→ ENTRIES SUPPLIED:

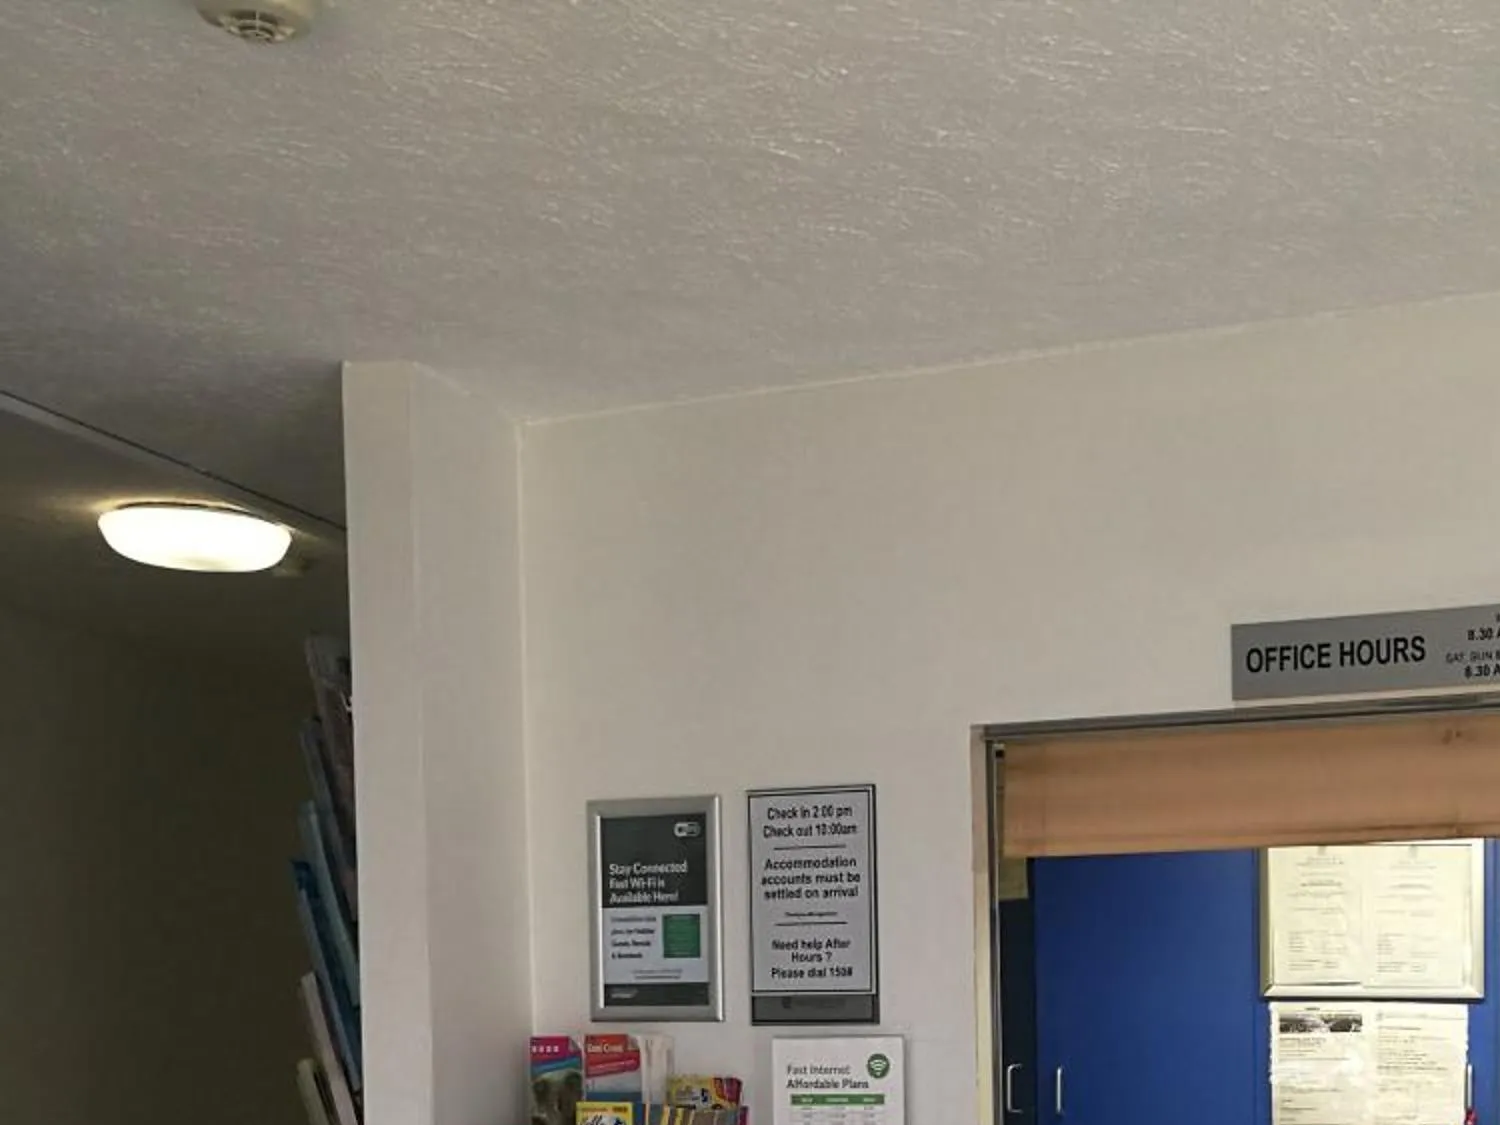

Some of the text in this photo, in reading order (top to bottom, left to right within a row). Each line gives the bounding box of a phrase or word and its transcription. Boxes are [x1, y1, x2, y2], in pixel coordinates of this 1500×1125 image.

[1467, 627, 1493, 641] 8.30
[1246, 635, 1427, 673] OFFICE HOURS
[1470, 650, 1493, 662] SUN
[767, 807, 798, 820] Check
[801, 806, 810, 819] in
[836, 806, 853, 819] pm
[763, 824, 794, 838] Check
[796, 825, 812, 837] out
[609, 860, 688, 876] Stay Connected
[764, 856, 857, 870] Accommodation
[609, 878, 629, 889] Fast
[761, 871, 860, 886] accounts must be
[609, 891, 652, 904] Available
[764, 885, 858, 899] settled on arrival
[771, 938, 851, 951] Need help After
[791, 952, 823, 963] Hours
[771, 967, 805, 979] Please
[808, 967, 826, 977] dial
[787, 1064, 851, 1076] Fast Internet
[786, 1078, 869, 1089] Affordable Plans
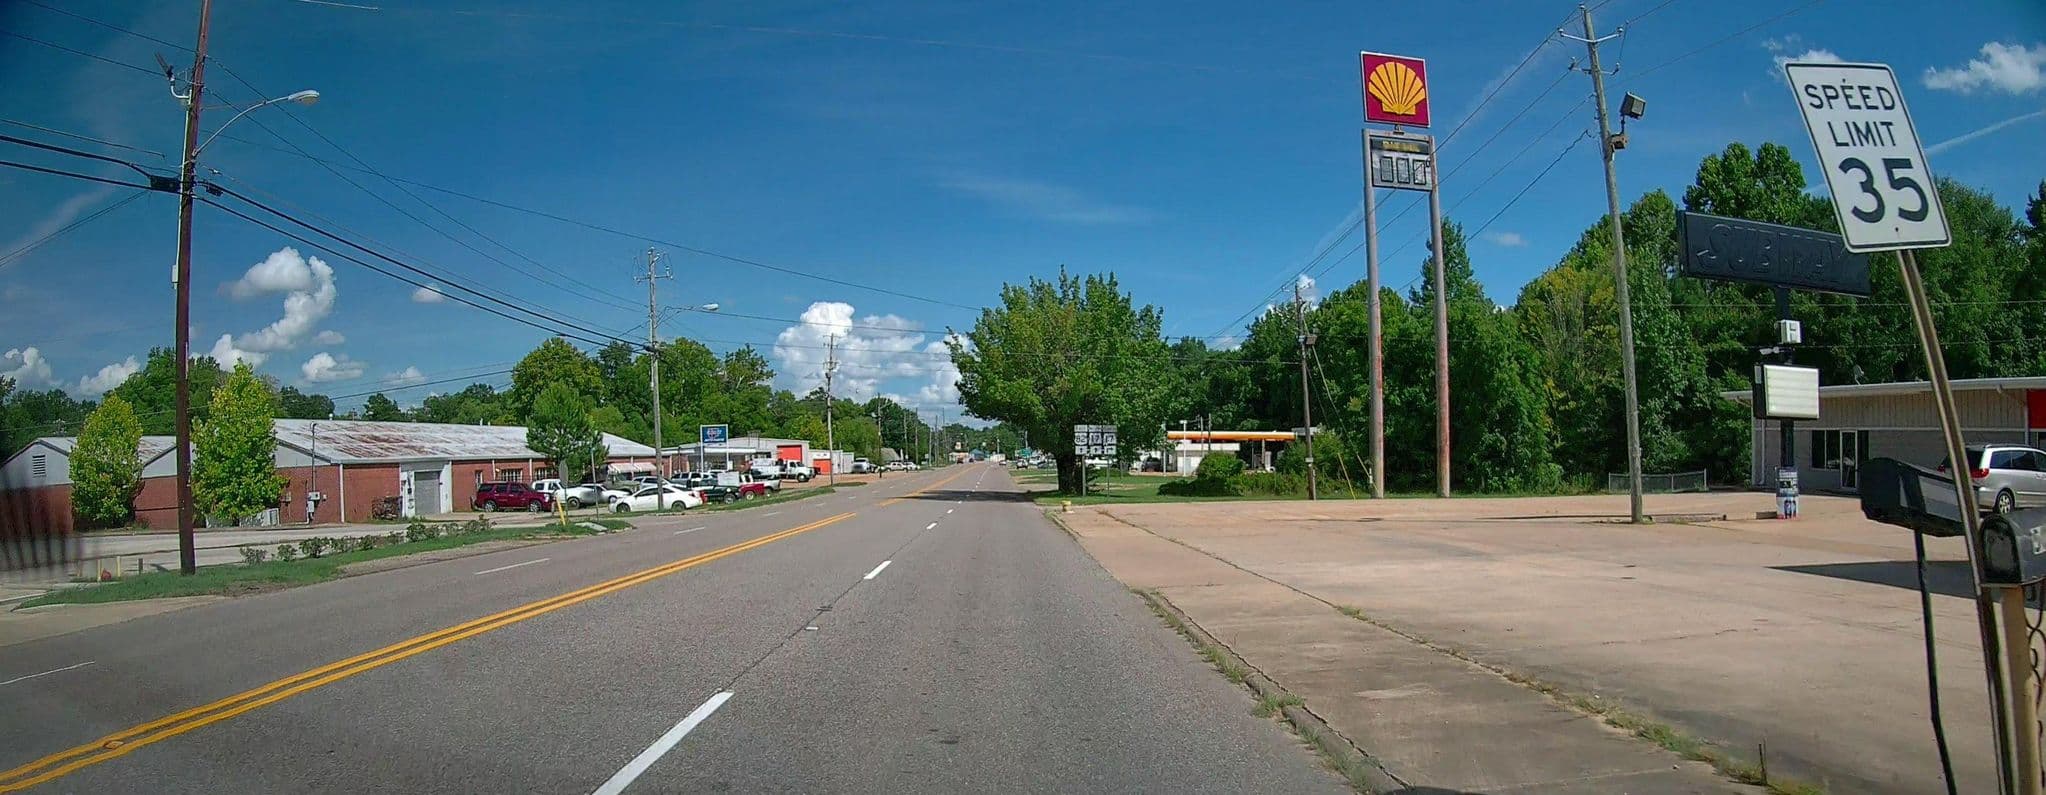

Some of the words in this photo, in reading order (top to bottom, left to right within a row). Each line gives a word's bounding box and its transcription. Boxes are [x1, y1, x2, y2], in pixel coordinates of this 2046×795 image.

[1804, 84, 1896, 111] SPEED
[1827, 121, 1897, 147] LIMIT
[1838, 157, 1929, 223] 35
[1091, 434, 1100, 442] 17
[1105, 435, 1114, 443] 17

→ TO DO: Reproduce each entry above word for word. Pictures are not part of the copy.

→ WRITTEN REPLY:
Some of the text in this photo, in reading order (top to bottom, left to right within a row). Each line gives the bounding box of a phrase or word and its transcription. Boxes are [x1, y1, x2, y2], in pixel coordinates of this 1500×1125 image.

[1467, 627, 1493, 641] 8.30
[1246, 635, 1427, 673] OFFICE HOURS
[1470, 650, 1493, 662] SUN
[767, 807, 798, 820] Check
[801, 806, 810, 819] in
[836, 806, 853, 819] pm
[763, 824, 794, 838] Check
[796, 825, 812, 837] out
[609, 860, 688, 876] Stay Connected
[764, 856, 857, 870] Accommodation
[609, 878, 629, 889] Fast
[761, 871, 860, 886] accounts must be
[609, 891, 652, 904] Available
[764, 885, 858, 899] settled on arrival
[771, 938, 851, 951] Need help After
[791, 952, 823, 963] Hours
[771, 967, 805, 979] Please
[808, 967, 826, 977] dial
[787, 1064, 851, 1076] Fast Internet
[786, 1078, 869, 1089] Affordable Plans

Some of the words in this photo, in reading order (top to bottom, left to right within a row). Each line gives a word's bounding box and its transcription. Boxes are [x1, y1, x2, y2], in pixel coordinates of this 2046×795 image.

[1804, 84, 1896, 111] SPEED
[1827, 121, 1897, 147] LIMIT
[1838, 157, 1929, 223] 35
[1091, 434, 1100, 442] 17
[1105, 435, 1114, 443] 17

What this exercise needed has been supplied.